The data warehouse is used as a back-end data store that allow data marts or cubes to be redesigned or replaced to meet changing business requirements or focus. Data marts and/or cubes can be completely regenerated from the detailed level information contained in the data warehouse.

Data warehouse consists of many different types of data structures (staging, ODS, extracts, etc.), while a data mart typically consists of a single data structure (i.e., a star schema, snowflake schema or hypercube).

Table 2: Difference Between data mart and data warehouse

Scope Subjects Data Sources Size (typical) Implementation Time

Data Warehouse Corporate Multiple Many 100 GB-TB+ Months to years

Data Mart Line-of-Business (LoB) Single Subject Few <100GB Months

Types of Data Marts 1. Dependent Data Mart Dependent data marts draw data from a central data warehouse that has already been created. With dependent data marts, this process is somewhat simplified because formatted and summarized (clean) data has already been loaded into the central data warehouse. The ETL process for dependent data marts is mostly a process of identifying the right subset of data relevant to the chosen data mart subject and moving a copy of it, perhaps in a summarized form.

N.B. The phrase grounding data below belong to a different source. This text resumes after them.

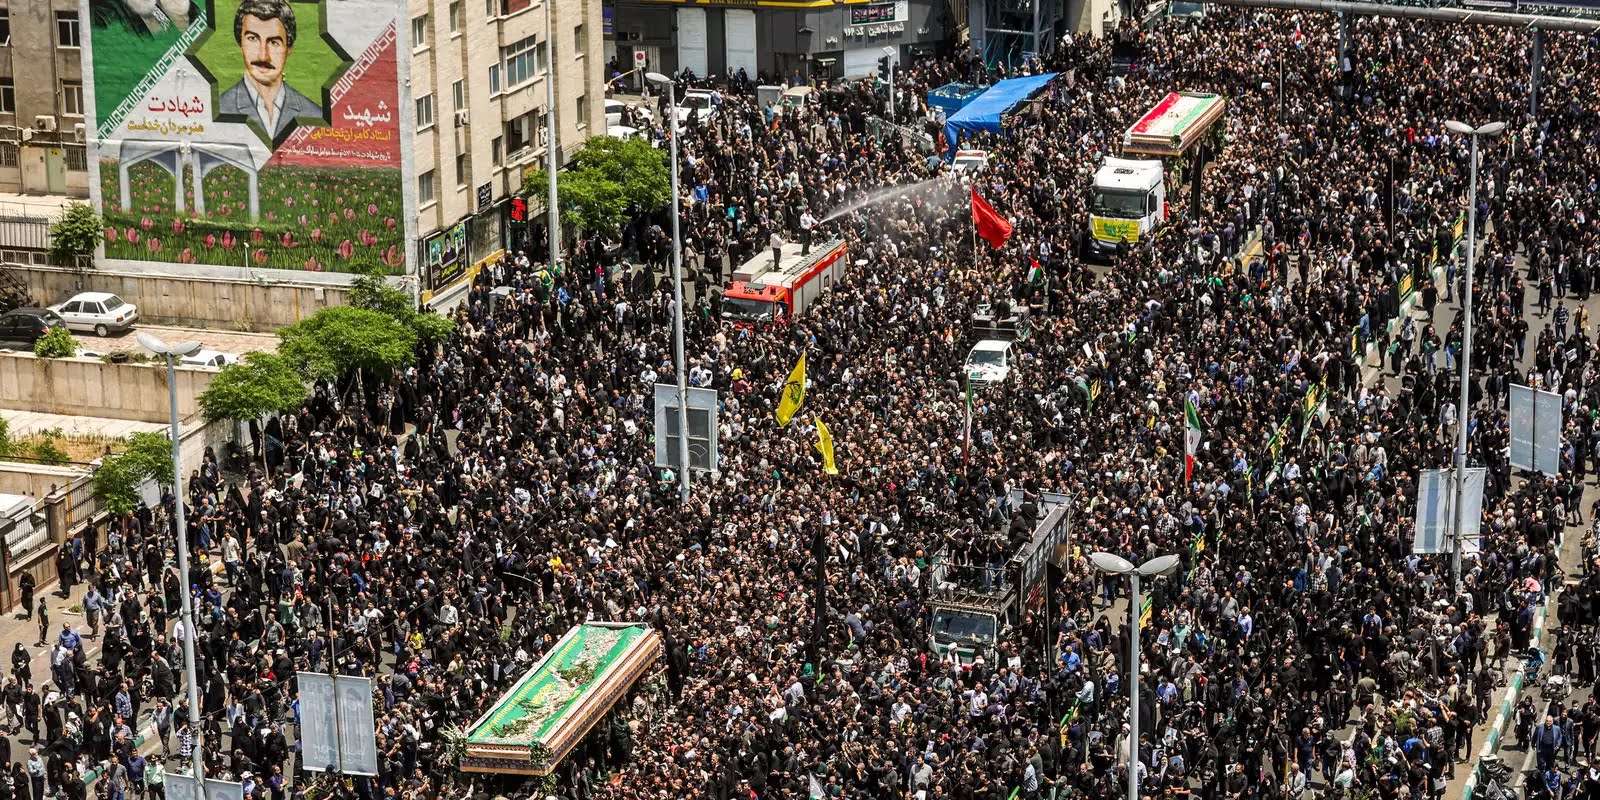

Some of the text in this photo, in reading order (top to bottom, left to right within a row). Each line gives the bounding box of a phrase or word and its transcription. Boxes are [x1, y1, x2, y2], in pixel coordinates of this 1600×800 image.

[148, 95, 204, 118] شهادت
[343, 100, 391, 127] شهید
[160, 117, 188, 135] مردان
[188, 121, 204, 135] هنر
[344, 127, 370, 142] کامران
[370, 130, 391, 141] استاد

2. Independent Data Mart Independent data marts are standalone systems built by drawing data directly from operational or external sources of data, or both. With independent data marts, however, you must deal with all aspects of the ETL process, much as you do with a central data warehouse. The number of sources is likely to be fewer and the amount of data associated with the data mart is less than the warehouse, given your focus on a single subject.

3. Hybrid Data Mart A Hybrid data marts simply combine the issues of independent and independent data marts. A hybrid data mart allows to combine input from sources other than a data
warehouse.

Meta Data Metadata is information about the data. For a data mart, metadata includes:

A description of the data in business terms Format and definition of the data in system terms Data sources and frequency of refreshing data

The primary objective for the metadata management process is to provide a directory of technical and business views of the data mart metadata. Metadata can be categorized as technical metadata and business metadata. Technical metadata consists of metadata created during the creation of the data mart, as well as metadata to support the management of the data mart. This includes data acquisition rules, the transformation of source data into the format required by the target data mart, and schedules for backing up and refreshing data. Business metadata allows end users to understand what information is available in the data mart and how it can be accessed.

Data Warehouse Architectures


1. Virtual Data Warehouse
A virtual data warehouse provides a compact view of the data inventory. It contains Meta data. It uses middleware to build connections to different data sources. They can be fast as they allow users to filter the most important pieces of data from different legacy applications. It enables business analysts to access and analyze data from operational systems, such as Oracle Financials or SAP R/3, without having to rely on IT personnel to extract and process the data.

2. Enterprise Data Warehouse


Enterprise Data Warehouse is a centralized warehouse which provides service for the entire enterprise. A data warehouse is by essence a large repository of historical and current transaction data of an organization. An Enterprise Data Warehouse is a specialized data warehouse which may have several interpretations.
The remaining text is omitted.